None of the authorities provided to the Secretary under the Patient Protection and Affordable Care Act or an amendment made by that Act shall be construed to authorize or may be used to maintain records of individual ownership or possession of a firearm or ammunition.

(4) Limitation on determination of premium rates or eligibility for health insuranceA premium rate may not be increased, health insurance coverage may not be denied, and a discount, rebate, or reward offered for participation in a wellness program may not be reduced or withheld under any health benefit plan issued pursuant to or in accordance with the Patient Protection and Affordable Care Act or an amendment made by that Act on the basis of, or on reliance upon—
(A)
the lawful ownership or possession of a firearm or ammunition; or
(B)
the lawful use or storage of a firearm or ammunition.
(5) Limitation on data collection requirements for individualsNo individual shall be required to disclose any information under any data collection activity authorized under the Patient Protection and Affordable Care Act or an amendment made by that Act relating to—
(A)
the lawful ownership or possession of a firearm or ammunition; or
(B)
the lawful use, possession, or storage of a firearm or ammunition.
(d) Regulations

Not later than 2 years after March 23, 2010, the Secretary shall promulgate regulations that provide criteria for determining whether a reimbursement structure is described in subsection (a).

(e) Study and report

Not later than 180 days after the date on which regulations are promulgated under subsection (c),[2] the Government Accountability Office shall review such regulations and conduct a study and submit to the Committee on Health, Education, Labor, and Pensions of the Senate and the Committee on Energy and Commerce of the House of Representatives a report regarding the impact the activities under this section have had on the quality and cost of health care.

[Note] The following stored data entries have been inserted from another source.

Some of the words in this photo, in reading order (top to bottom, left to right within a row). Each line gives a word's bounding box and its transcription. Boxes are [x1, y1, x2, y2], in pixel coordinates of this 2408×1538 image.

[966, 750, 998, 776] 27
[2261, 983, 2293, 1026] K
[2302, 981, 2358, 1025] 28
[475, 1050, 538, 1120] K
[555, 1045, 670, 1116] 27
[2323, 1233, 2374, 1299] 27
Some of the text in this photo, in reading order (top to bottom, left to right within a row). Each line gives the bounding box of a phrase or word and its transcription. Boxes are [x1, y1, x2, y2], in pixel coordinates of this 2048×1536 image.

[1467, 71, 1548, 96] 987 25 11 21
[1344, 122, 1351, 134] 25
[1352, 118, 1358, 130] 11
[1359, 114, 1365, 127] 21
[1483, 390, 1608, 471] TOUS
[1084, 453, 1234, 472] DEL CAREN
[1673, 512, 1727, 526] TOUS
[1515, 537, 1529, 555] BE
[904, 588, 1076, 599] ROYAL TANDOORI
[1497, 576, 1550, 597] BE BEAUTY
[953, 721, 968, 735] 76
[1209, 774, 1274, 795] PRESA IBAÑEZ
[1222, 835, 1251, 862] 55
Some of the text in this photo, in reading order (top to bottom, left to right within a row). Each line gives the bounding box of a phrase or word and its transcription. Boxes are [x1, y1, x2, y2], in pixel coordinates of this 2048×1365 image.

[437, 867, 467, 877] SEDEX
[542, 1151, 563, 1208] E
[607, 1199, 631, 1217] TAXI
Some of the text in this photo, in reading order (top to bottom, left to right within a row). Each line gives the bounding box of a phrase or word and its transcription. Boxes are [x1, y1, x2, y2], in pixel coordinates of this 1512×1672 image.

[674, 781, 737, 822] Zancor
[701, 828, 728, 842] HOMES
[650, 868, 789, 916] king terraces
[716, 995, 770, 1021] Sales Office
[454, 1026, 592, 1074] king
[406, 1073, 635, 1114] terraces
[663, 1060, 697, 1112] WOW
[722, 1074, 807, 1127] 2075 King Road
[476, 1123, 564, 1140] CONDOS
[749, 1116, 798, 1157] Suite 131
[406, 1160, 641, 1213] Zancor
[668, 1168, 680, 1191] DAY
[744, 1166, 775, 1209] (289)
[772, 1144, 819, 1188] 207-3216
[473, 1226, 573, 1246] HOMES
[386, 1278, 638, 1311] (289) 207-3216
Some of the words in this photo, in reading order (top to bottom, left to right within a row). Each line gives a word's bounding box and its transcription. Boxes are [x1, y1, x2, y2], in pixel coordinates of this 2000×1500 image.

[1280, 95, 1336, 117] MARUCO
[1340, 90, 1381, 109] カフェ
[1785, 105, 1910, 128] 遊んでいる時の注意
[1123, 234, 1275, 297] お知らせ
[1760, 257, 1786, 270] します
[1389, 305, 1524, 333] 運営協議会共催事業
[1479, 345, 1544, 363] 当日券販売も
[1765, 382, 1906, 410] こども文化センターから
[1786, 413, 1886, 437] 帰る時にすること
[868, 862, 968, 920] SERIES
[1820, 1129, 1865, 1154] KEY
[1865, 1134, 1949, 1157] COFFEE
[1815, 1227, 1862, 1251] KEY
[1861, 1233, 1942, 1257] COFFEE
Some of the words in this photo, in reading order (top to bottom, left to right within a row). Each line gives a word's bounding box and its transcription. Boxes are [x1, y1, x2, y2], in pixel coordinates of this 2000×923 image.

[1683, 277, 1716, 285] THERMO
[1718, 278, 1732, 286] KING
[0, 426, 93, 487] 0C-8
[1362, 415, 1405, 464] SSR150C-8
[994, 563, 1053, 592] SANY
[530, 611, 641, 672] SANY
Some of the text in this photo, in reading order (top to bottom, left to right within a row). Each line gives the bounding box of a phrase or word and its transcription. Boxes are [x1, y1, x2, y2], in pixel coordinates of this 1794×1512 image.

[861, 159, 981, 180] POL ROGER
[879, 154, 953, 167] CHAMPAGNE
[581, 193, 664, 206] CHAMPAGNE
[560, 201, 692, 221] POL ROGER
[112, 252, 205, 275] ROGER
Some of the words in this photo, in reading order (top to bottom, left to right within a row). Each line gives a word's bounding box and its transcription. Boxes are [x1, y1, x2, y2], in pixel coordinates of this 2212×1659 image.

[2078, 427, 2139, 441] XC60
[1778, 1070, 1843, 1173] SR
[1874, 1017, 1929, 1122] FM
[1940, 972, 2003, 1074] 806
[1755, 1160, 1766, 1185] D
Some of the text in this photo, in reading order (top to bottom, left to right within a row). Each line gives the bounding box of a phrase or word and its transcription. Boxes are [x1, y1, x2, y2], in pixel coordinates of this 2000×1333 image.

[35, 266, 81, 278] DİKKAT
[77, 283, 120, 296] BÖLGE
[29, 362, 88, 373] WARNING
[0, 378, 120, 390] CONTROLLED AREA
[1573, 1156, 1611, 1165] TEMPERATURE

(July 1, 1944, ch. 373, title XXVII, § 2717, as added and amended Pub. L. 111–148, title I, § 1001(5), title X, § 10101(e), Mar. 23, 2010, 124 Stat. 135, 884.)


[1]  See References in Text note below.

[2]  So in original. Probably should be “subsection (d),”.
Editorial Notes
References in Text

Section 3602 of the Patient Protection and Affordable Care Act, referred to in subsec. (a)(1)(A), is section 3602 of Pub. L. 111–148 which is set out as a note under section 1305w–21 of this title but the reference probably should be to section 3502 of the Act which is set out as a note under section 256a–1 of this title.

The Patient Protection and Affordable Care Act, referred to in subsec. (c), is Pub. L. 111–148, Mar. 23, 2010, 124 Stat. 119. For complete classification of this Act to the Code, see Short Title note set out under section 18001 of this title and Tables.

Amendments

2010—Subsecs. (c) to (e). Pub. L. 111–148, § 10101(e), added subsec. (c) and redesignated former subsecs. (c) and (d) as (d) and (e), respectively.

Statutory Notes and Related Subsidiaries
Effective Date

Section effective for plan years beginning on or after the date that is 6 months after Mar. 23, 2010, see section 1004 of Pub. L. 111–148, set out as a note under section 300gg–11 of this title.